Wednesday, August 26, 2009

Existential Crisis

My liitle boy starts school next year. I can't believe it. Only seems like yesterday I was driving home on Ruby's first day at school and thinking "Thankgod I've got a baby waiting at home". Now he's ready to spread his wings too. Of course ever the optimist I fear an existential crisis looming the minute I wave goodbye at the Kindergarten door and head home to an empty house. Even Col has warned I should have something in place - be it job or study or medication....

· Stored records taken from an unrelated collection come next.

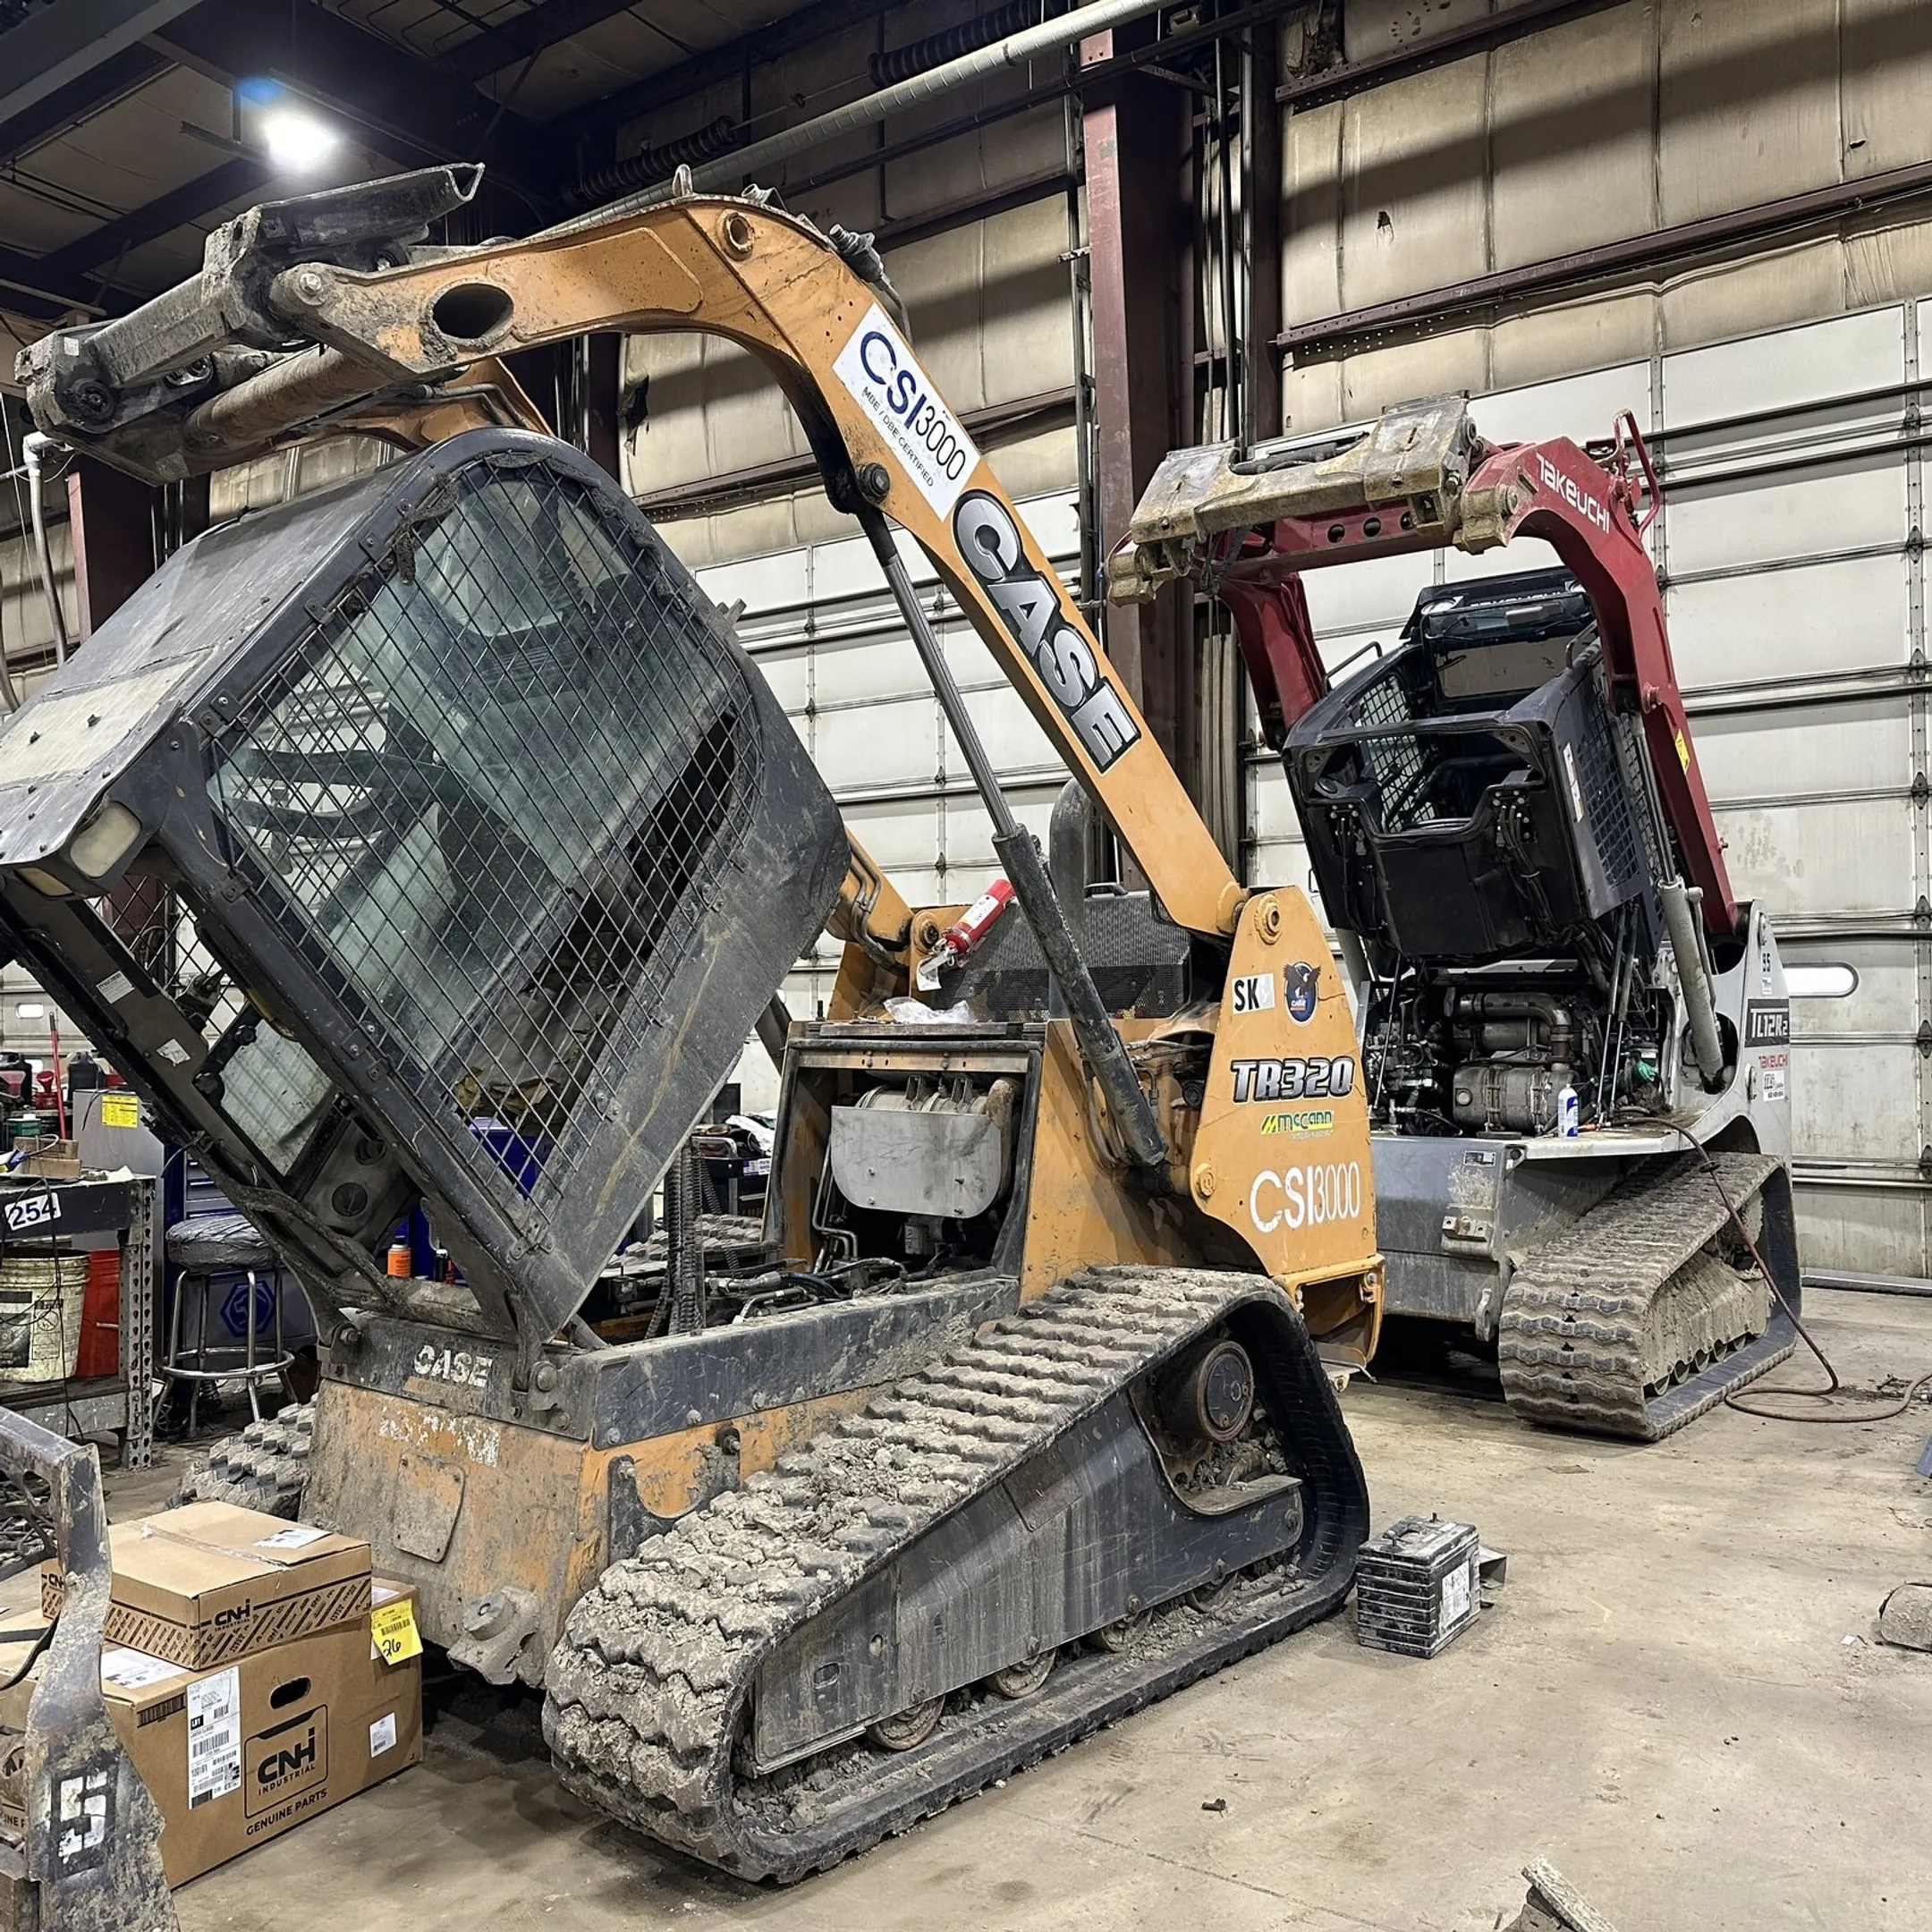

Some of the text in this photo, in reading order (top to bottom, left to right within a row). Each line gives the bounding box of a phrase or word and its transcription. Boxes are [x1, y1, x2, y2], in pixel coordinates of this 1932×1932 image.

[863, 386, 878, 411] MBE
[883, 414, 901, 437] DBE
[899, 436, 934, 487] CERTIFIED
[955, 492, 1140, 770] CASE
[1231, 1056, 1354, 1102] TR320
[12, 1198, 57, 1227] 254
[1250, 1161, 1360, 1233] CSI3000
[414, 1344, 493, 1387] CASE
[258, 1764, 316, 1796] INDUSTRIAL
[246, 1788, 327, 1835] GENUINE PARTS
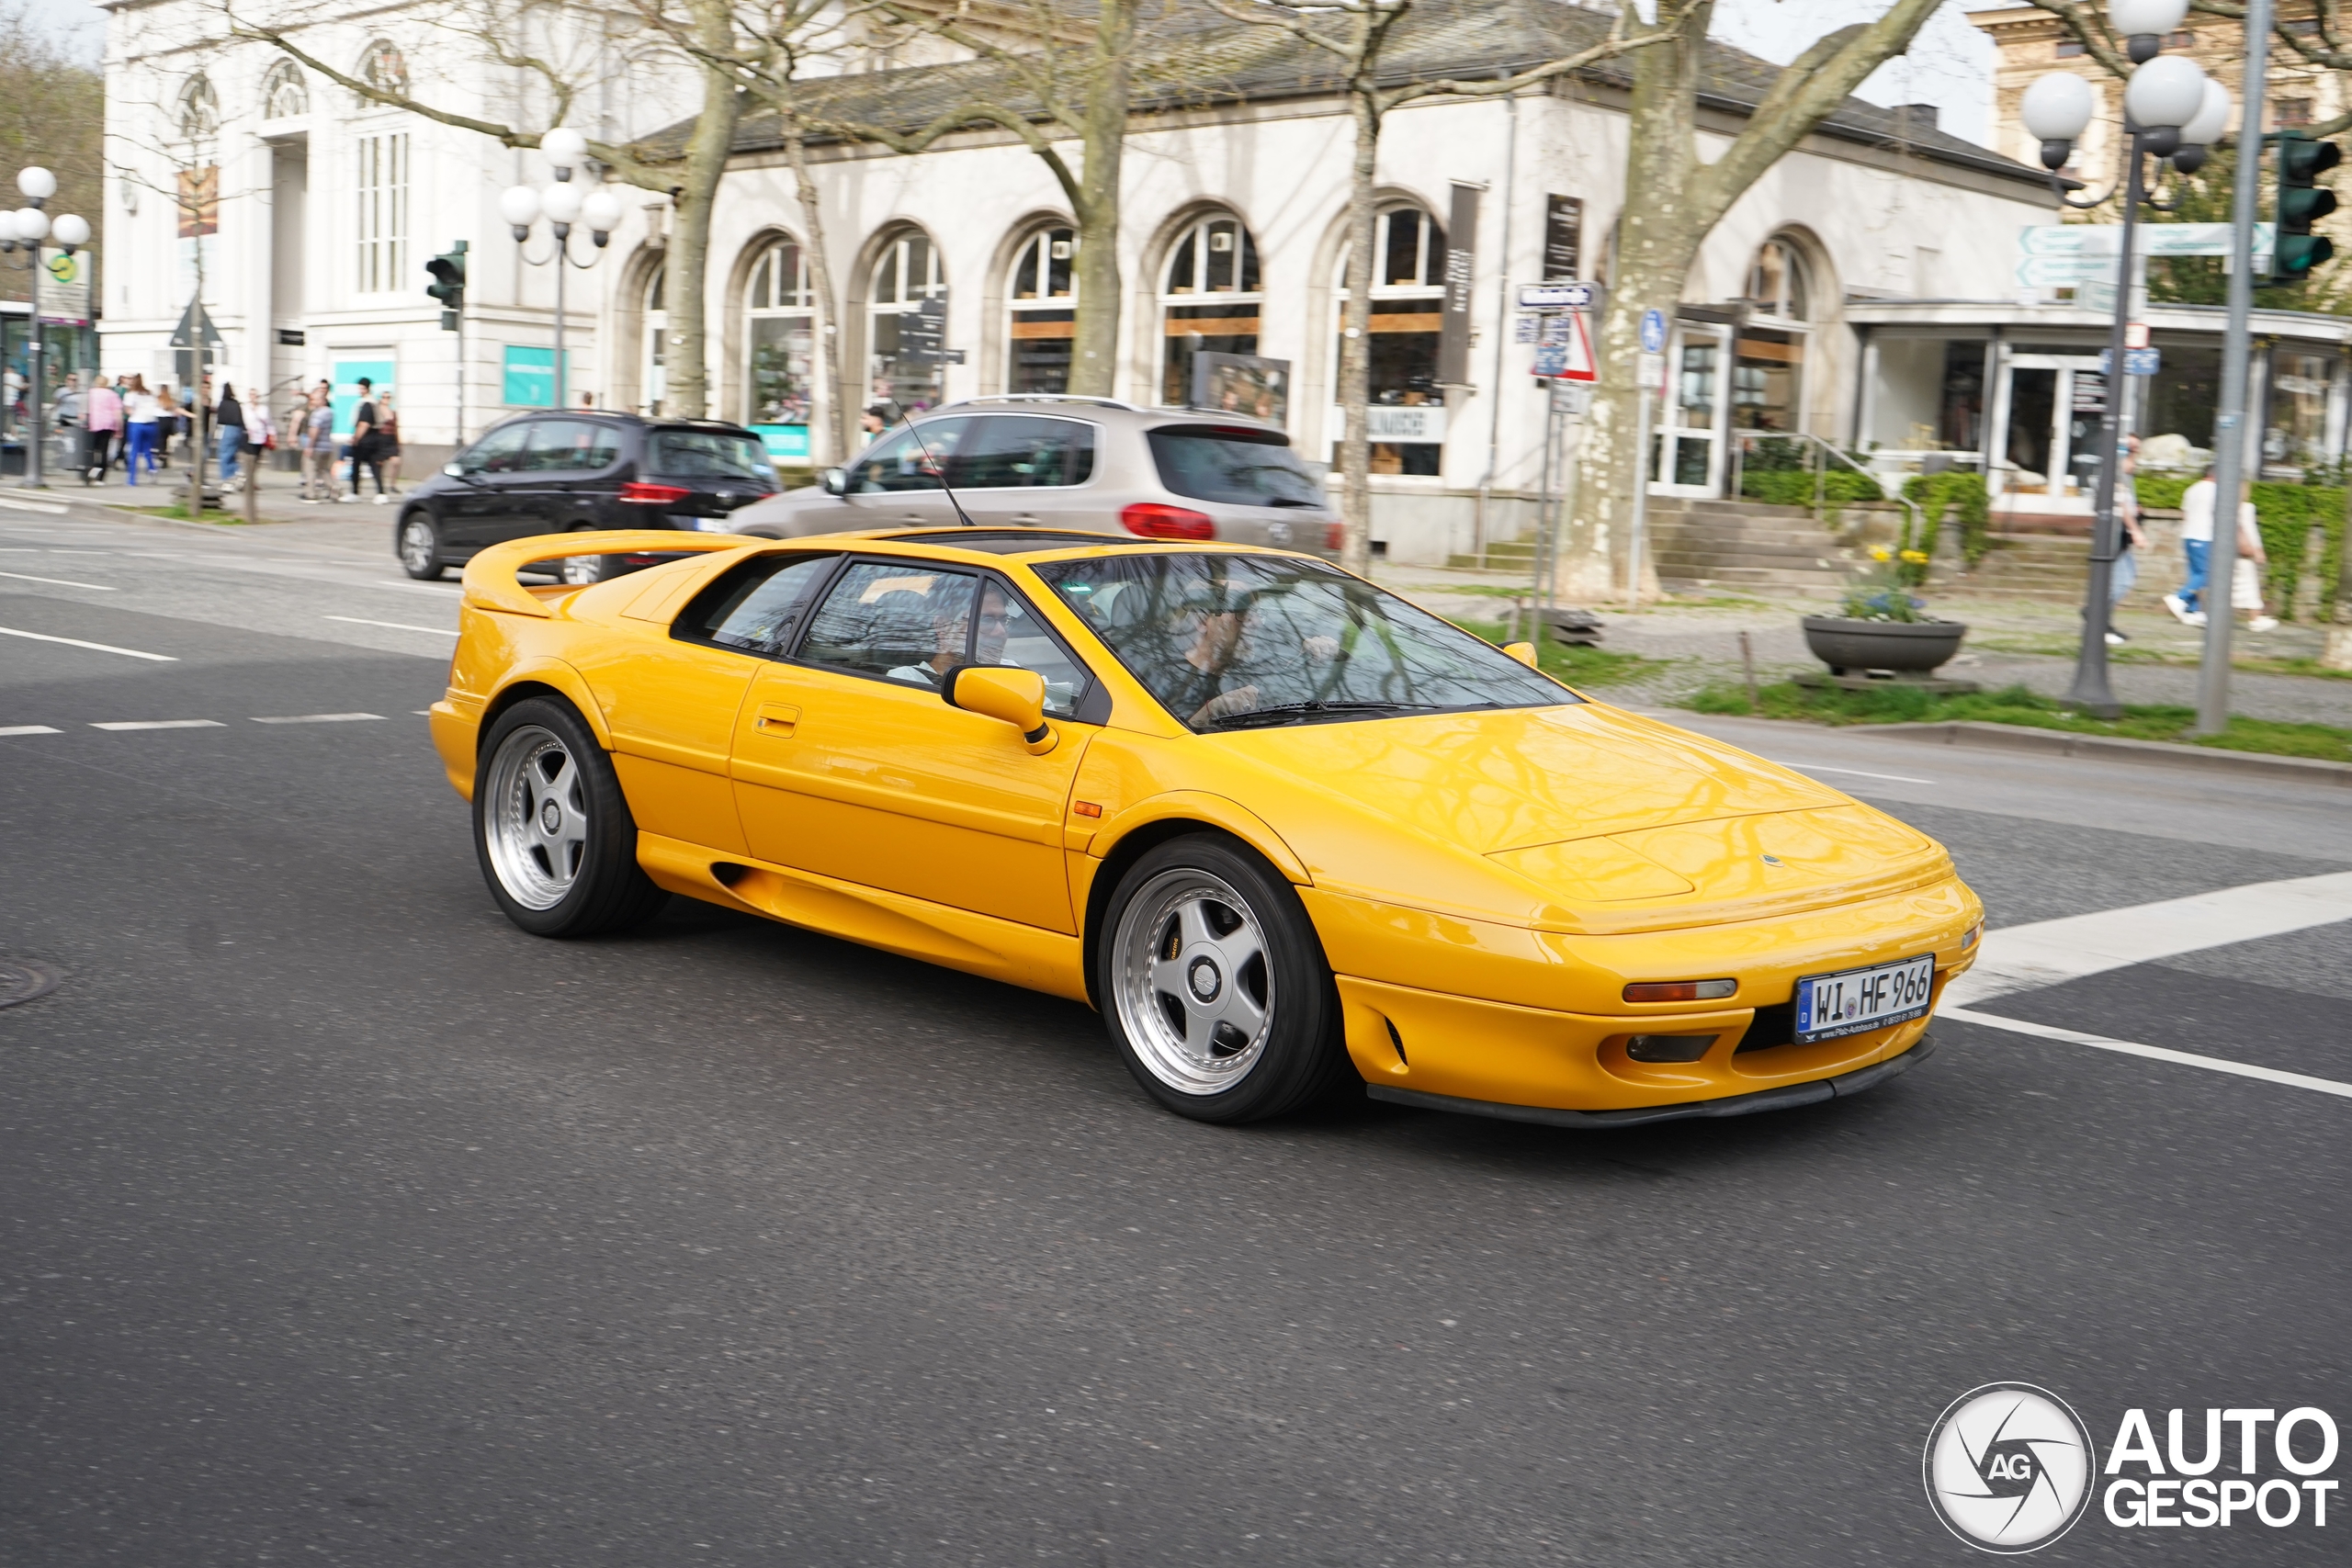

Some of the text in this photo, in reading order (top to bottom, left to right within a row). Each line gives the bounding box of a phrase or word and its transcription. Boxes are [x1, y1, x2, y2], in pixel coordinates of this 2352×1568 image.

I ponder my options almost continually as my state of mind swings from happy to stay at home doing nothing (a fabulous new euphinism to describe a day in the service of a household's physical, mental, social and administrative needs) or get some paid work and much needed validation from the outside world or studyVisual Design part time - and fulfil a goal I've had all my life. One day I am telling Col I want him to do a CV for me and vowing to make appointments at an employment agency. The next I am down with an onslaught of infections and thankful we know how to manage as a family on one income, reconciling myself to a life much like the one I've got but with perhaps a little extra time to blog and surf the net. Then I am checking admissions dead lines for Visual design courses and cursing that I still have no assemblage (whatever that is) - or any portfolio at all for that matter. Whatever next year entails I hope I'm doing whatever I'm doing by choice and not because the rest was no longer viable.